O ministro dos Transportes, Óscar Puente, recusou publicamente estar a candidatar-se à sucessão de Pedro Sánchez no PSOE, mas evitou simultaneamente fechar completamente essa possibilidade. Durante uma entrevista esta segunda-feira no programa 'La Cafetera' da Radiocable, o governante deixou o seu futuro político em suspenso, afirmando que não se está a postar para liderar o partido, mas que está disponível para o que o PSOE precisar.

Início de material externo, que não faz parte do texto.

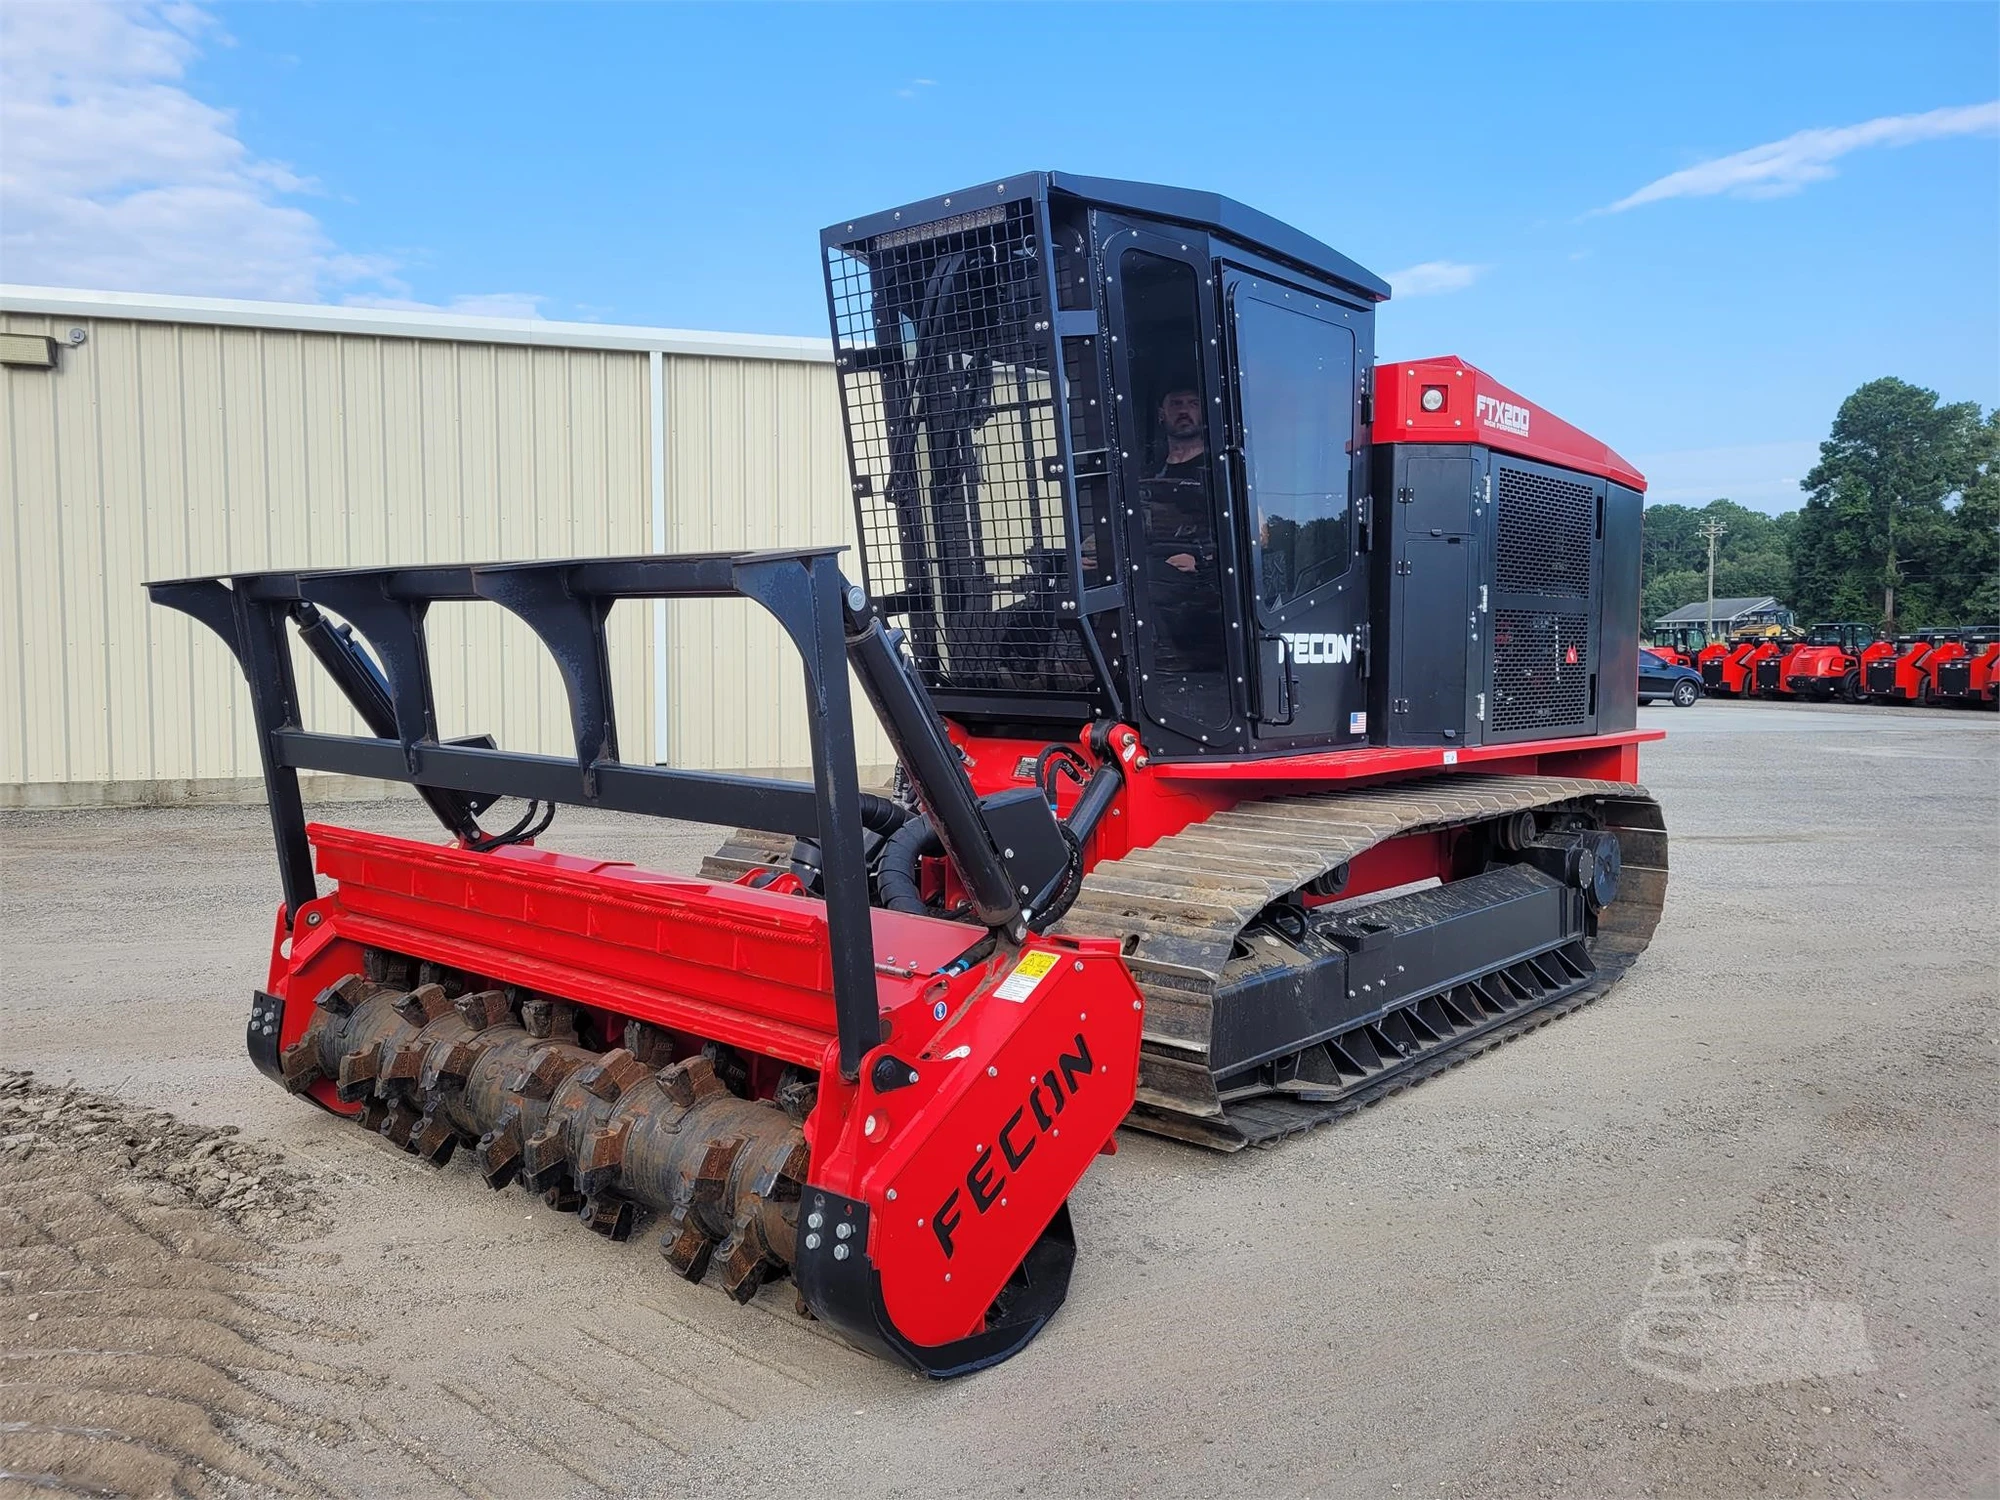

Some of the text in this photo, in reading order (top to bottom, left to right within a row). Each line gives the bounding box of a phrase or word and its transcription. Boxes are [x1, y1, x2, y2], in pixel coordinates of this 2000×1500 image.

Puente assegurou que a liderança do partido não é nem a sua aspiração nem a sua ambição. O ministro expressou também a sua convicção de que a Pedro Sánchez ainda resta "mecha" para outro mandato à frente do partido e do governo espanhol.

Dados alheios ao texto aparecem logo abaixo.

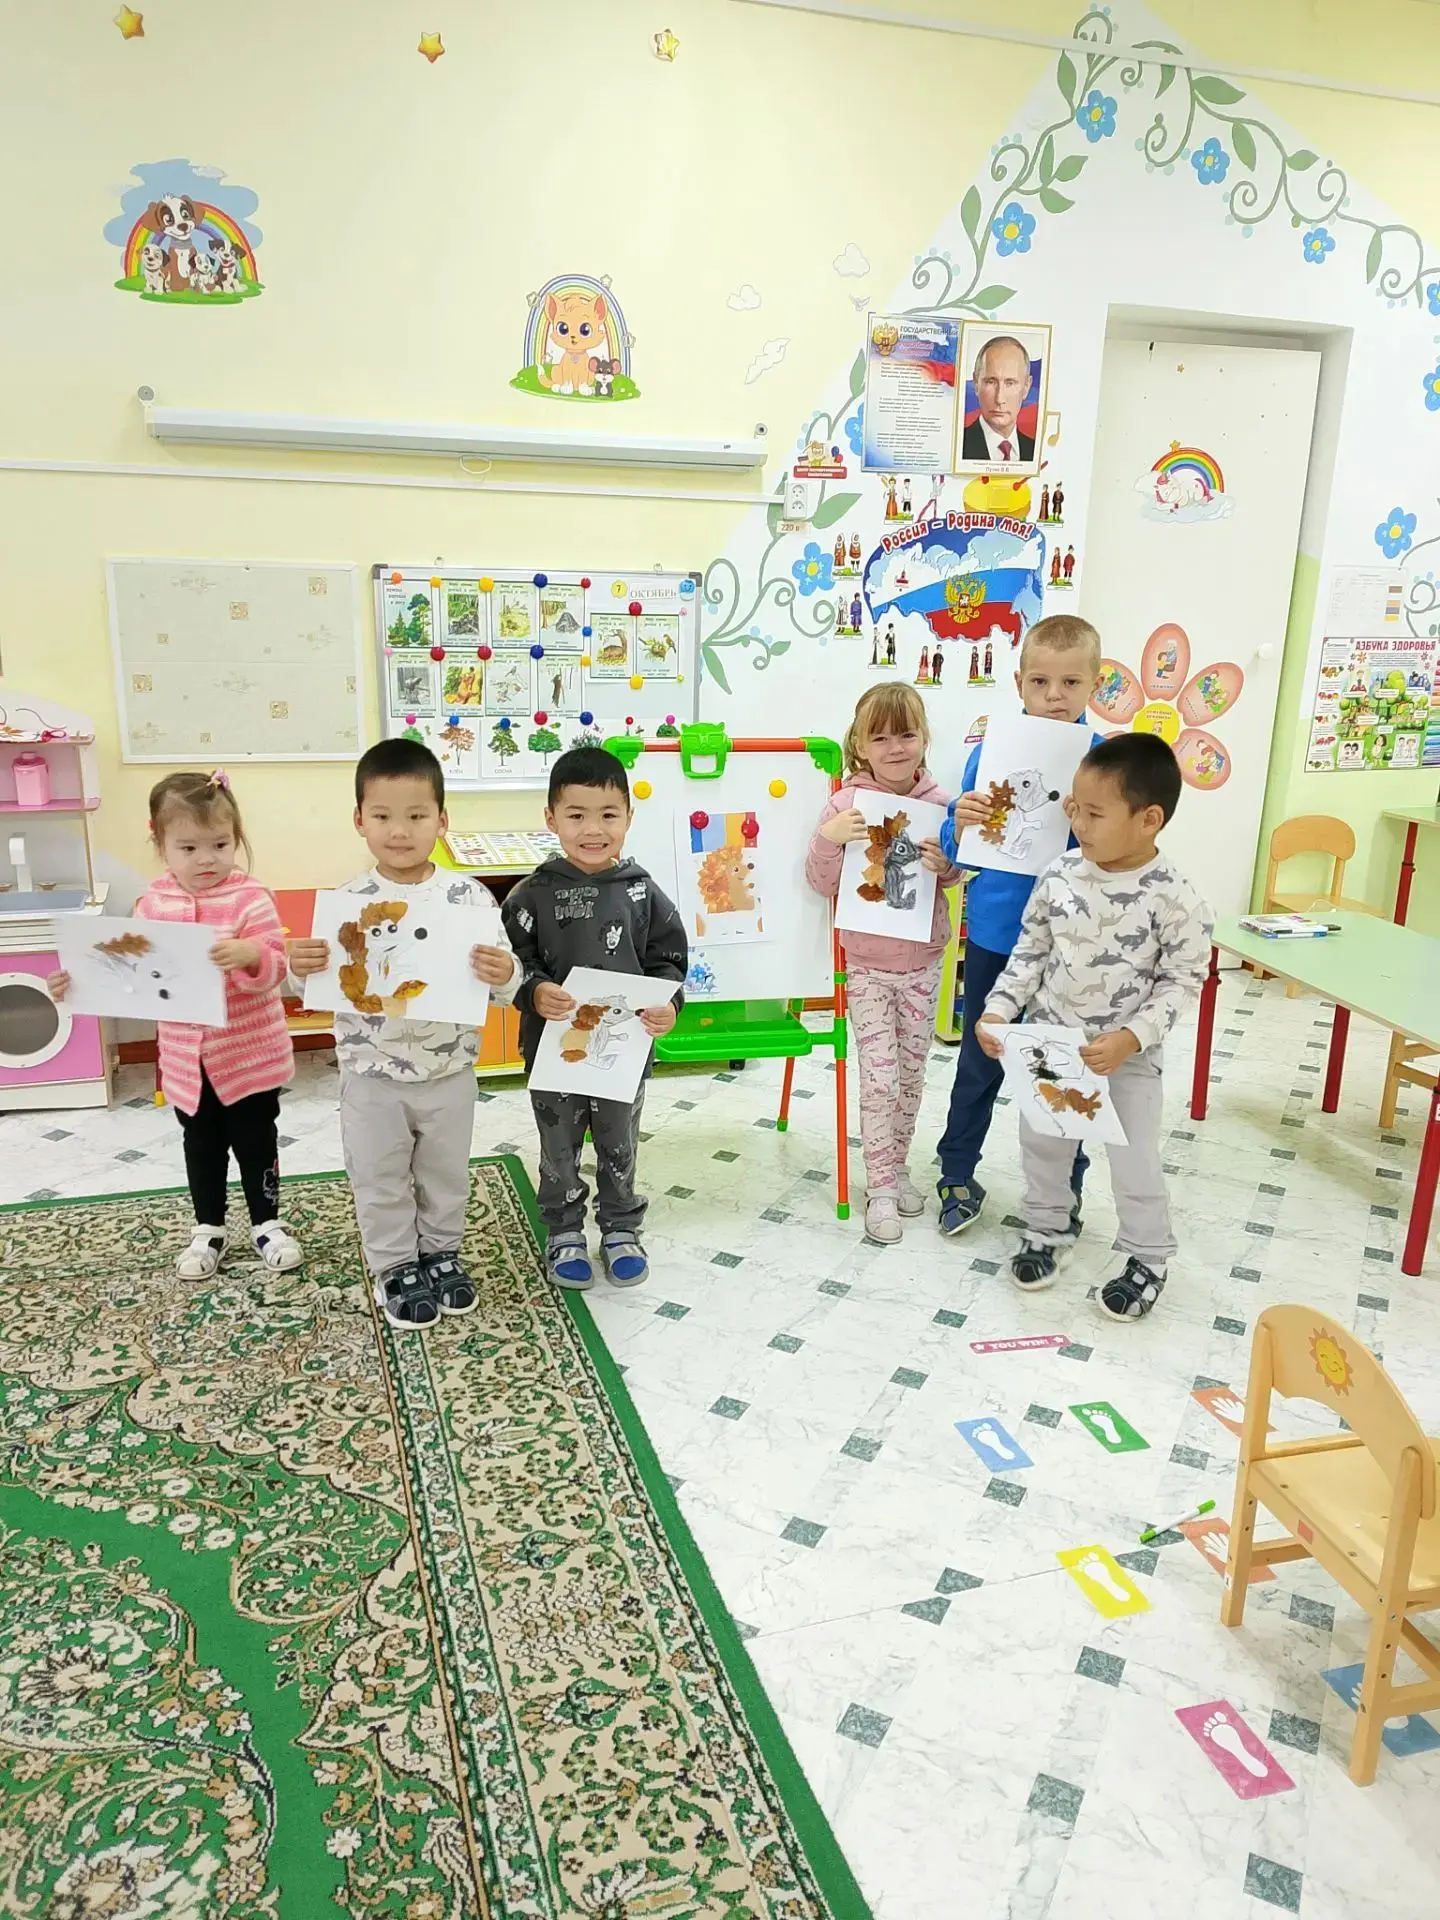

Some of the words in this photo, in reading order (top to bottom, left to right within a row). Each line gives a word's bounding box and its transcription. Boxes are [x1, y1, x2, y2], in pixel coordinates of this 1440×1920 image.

[781, 523, 793, 531] 220
[882, 521, 928, 552] Россия
[948, 512, 995, 531] Родина
[630, 589, 676, 598] ОКТЯБРЬ
[1356, 641, 1388, 650] АЗБУКА
[1392, 641, 1436, 651] ЗДОРОВЬЯ

Durante a entrevista, Óscar Puente utilizou uma formulação ambígua que tem sido interpretada como uma forma de manter a porta aberta. Afirmou estar sempre disponível "para as soluções, para o que o meu partido precisa, queira ou não", sem esclarecer se estaria disposto a aceitar uma eventual candidatura caso fosse chamado pelo partido.

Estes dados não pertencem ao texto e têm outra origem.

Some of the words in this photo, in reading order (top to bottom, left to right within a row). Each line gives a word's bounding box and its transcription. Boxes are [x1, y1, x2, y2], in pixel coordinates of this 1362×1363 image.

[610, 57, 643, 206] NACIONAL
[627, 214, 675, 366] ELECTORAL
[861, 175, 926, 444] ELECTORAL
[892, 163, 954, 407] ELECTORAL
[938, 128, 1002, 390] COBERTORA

Esta posição surge no contexto de um debate interno no PSOE sobre a sucessão de Sánchez, que ainda não indicou publicamente se pretende continuar como líder após o atual mandato. As declarações de Puente reflectem a estratégia de vários pesos pesados do partido de não se descartarem formalmente enquanto o líder não clarifica as suas intenções.